Il tentera par tous les moyens de dissiper le parfum de scandale flottant au-dessus de son bureau à l’Assemblée nationale puisque, même s’il a été blanchi dans l’affaire Alice Paquet, il est toujours visé par des allégations de comportement inapproprié.
En effet, plusieurs ex-employées, ex-pages, ex-stagiaires de l’Assemblée nationale ont relaté dans les médias, sous le couvert de l’anonymat, avoir été victimes de propos ou de gestes à caractère sexuel inappropriés de sa part.
L’homme de 42 ans, élu à répétition sous la bannière libérale, saura-t-il convaincre notamment M. Couillard qu’il accomplira désormais ses responsabilités de membre de l’Assemblée nationale avec une probité à toute épreuve… et qu’il ne constituera pas une source distraction ou, pire, une source de danger pour le gouvernement libéral ?

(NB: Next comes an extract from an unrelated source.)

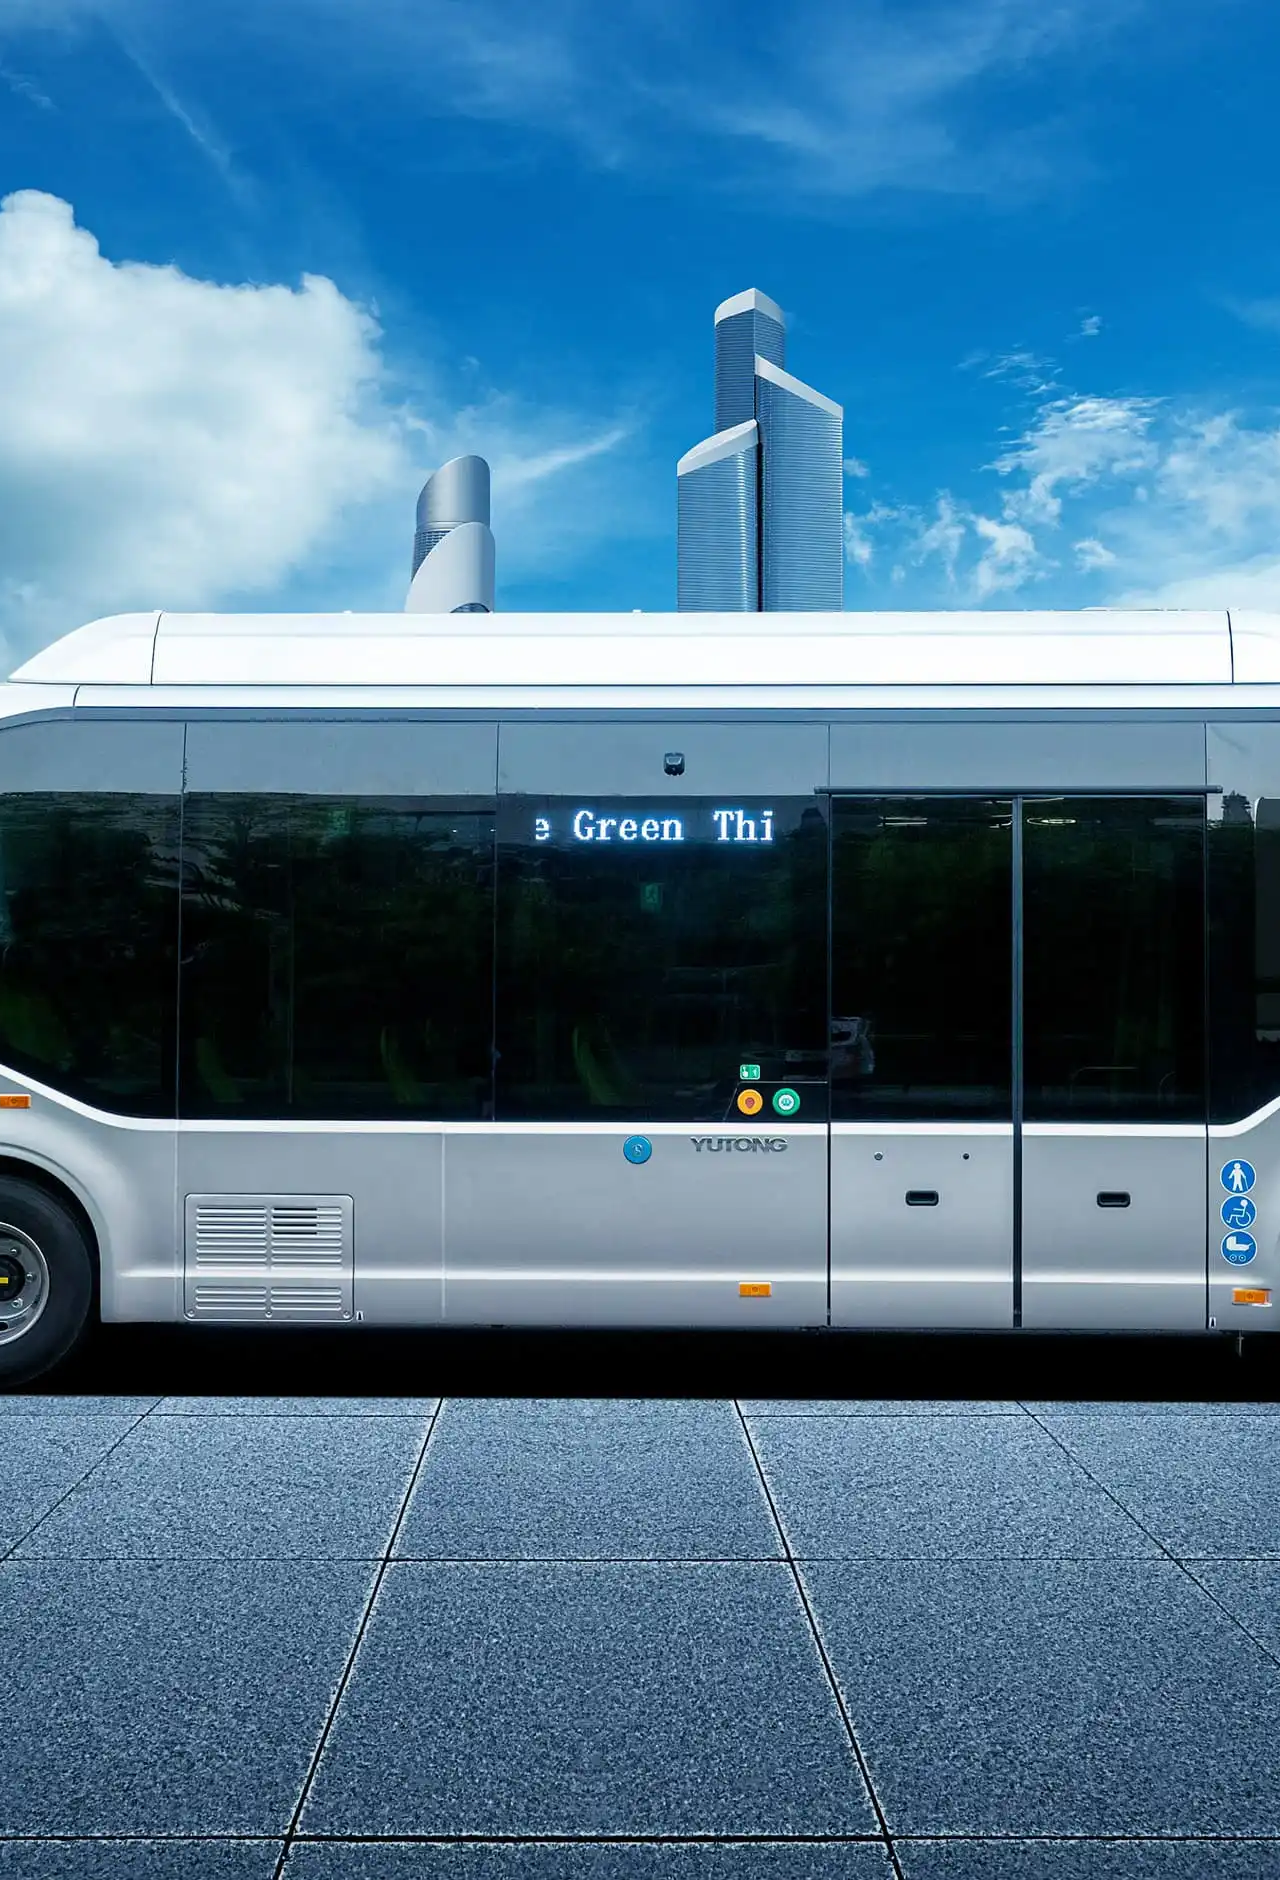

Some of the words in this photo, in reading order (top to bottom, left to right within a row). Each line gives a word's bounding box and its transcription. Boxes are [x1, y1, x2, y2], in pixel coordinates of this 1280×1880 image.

[573, 809, 684, 841] Green
[713, 809, 773, 841] Thi
[689, 1137, 789, 1153] YUTONG
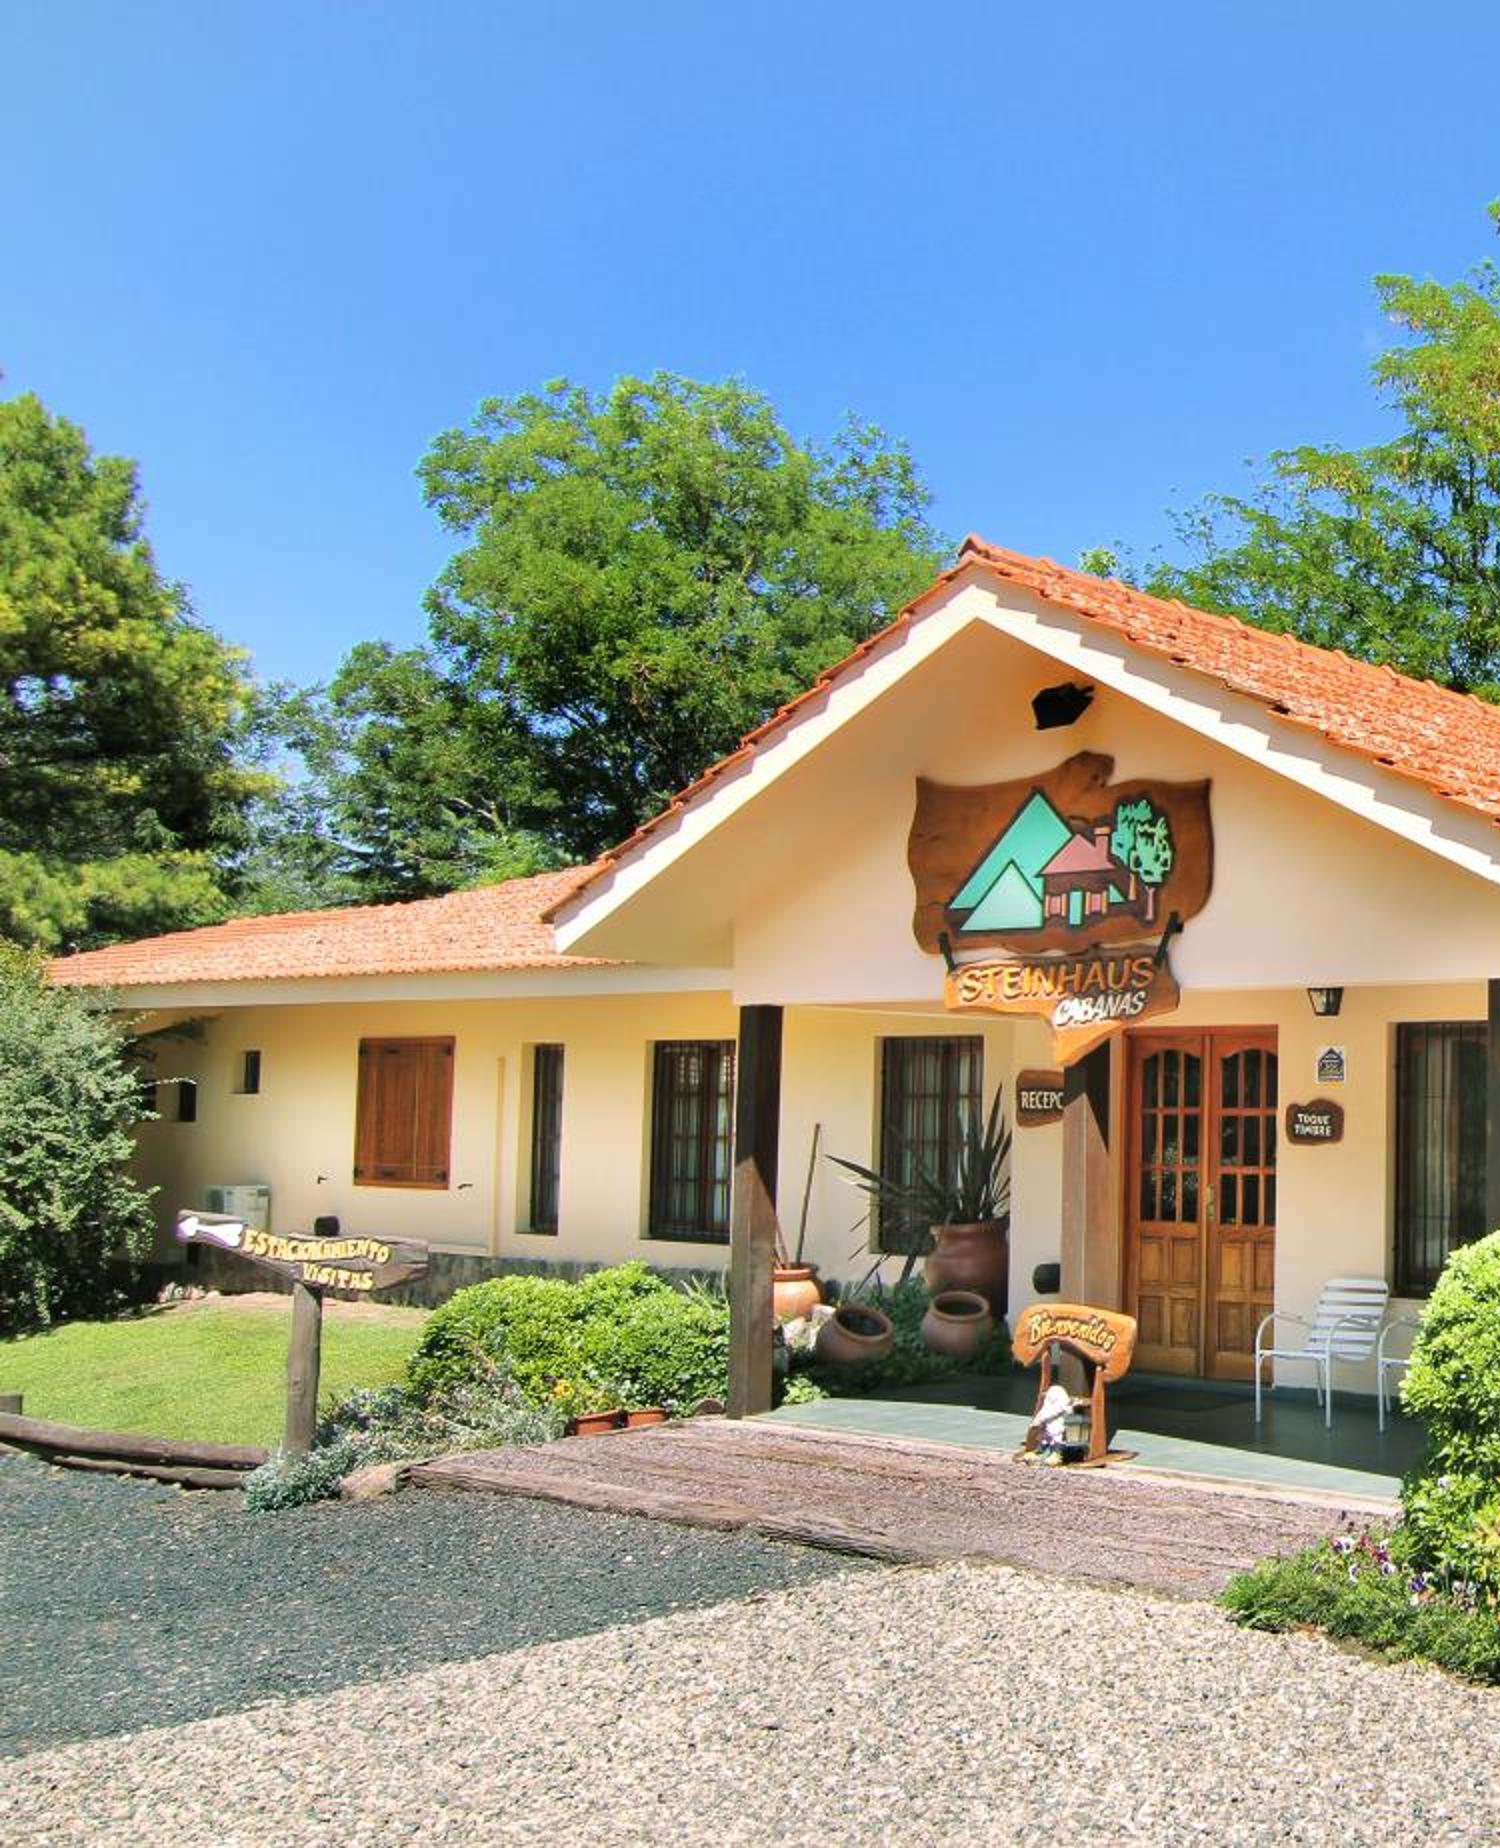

Immanquablement, les excuses publiques de M. Sklavounos sonneront faux, puisqu’elles ont été commandées par M. Couillard, fait valoir le professeur au Département de communication sociale et publique de l’UQAM Olivier Turbide. Le chef du gouvernement exige en effet de la part du député de Laurier-Dorion une « déclaration très forte, très sentie et très sincère sur sa perception des événements, pas celui spécifiquement d’Alice Paquet, qui a été traité par le DPCP, mais d’autres éléments qu’on a vus dans les médias » avant de statuer sur son avenir politique dans la famille libérale. « Quand on croit à un repentir, c’est parce que c’est spontané, c’est senti. Si on sent la mise en scène, la préparation, le calcul, l’intérêt — parce que là il y a un intérêt [derrière une telle opération] —, on n’y croit pas », affirme M. Turbide.
« Tout de suite » après avoir involontairement heurté l’élue néodémocrate Ruth Ellen Brosseau à la Chambre des communes, le premier ministre fédéral Justin Trudeau a offert « sans réserve » ses excuses pour avoir posé un geste « inacceptable ». Il s’agit d’« excuses exemplaires », selon le spécialiste de la gestion médiatique de l’image publique. « M. Trudeau n’a pas hésité. Il a multiplié les excuses. À un moment donné, on trouvait que c’était quasiment trop. »
M. Sklavounos s’est pour sa part emmuré dans le silence depuis que le Directeur des poursuites criminelles et pénales (DPCP) l’a blanchi — il y a une semaine — des allégations d’agression sexuelle portées par Alice Paquet.
Pseudo ou demi-excuses
Le professeur Turbide met en garde contre une éventuelle « instrumentalisation du repentir » par M. Sklavounos « pour redorer son image, sa réputation à des fins stratégiques de réintégration au caucus ». La littérature scientifique regorge de « stratégies pour s’excuser sans vraiment le faire », fait-il remarquer. Un exemple : « On ne va pas s’excuser pour l’offense elle-même, mais pour les conséquences de celle-ci. »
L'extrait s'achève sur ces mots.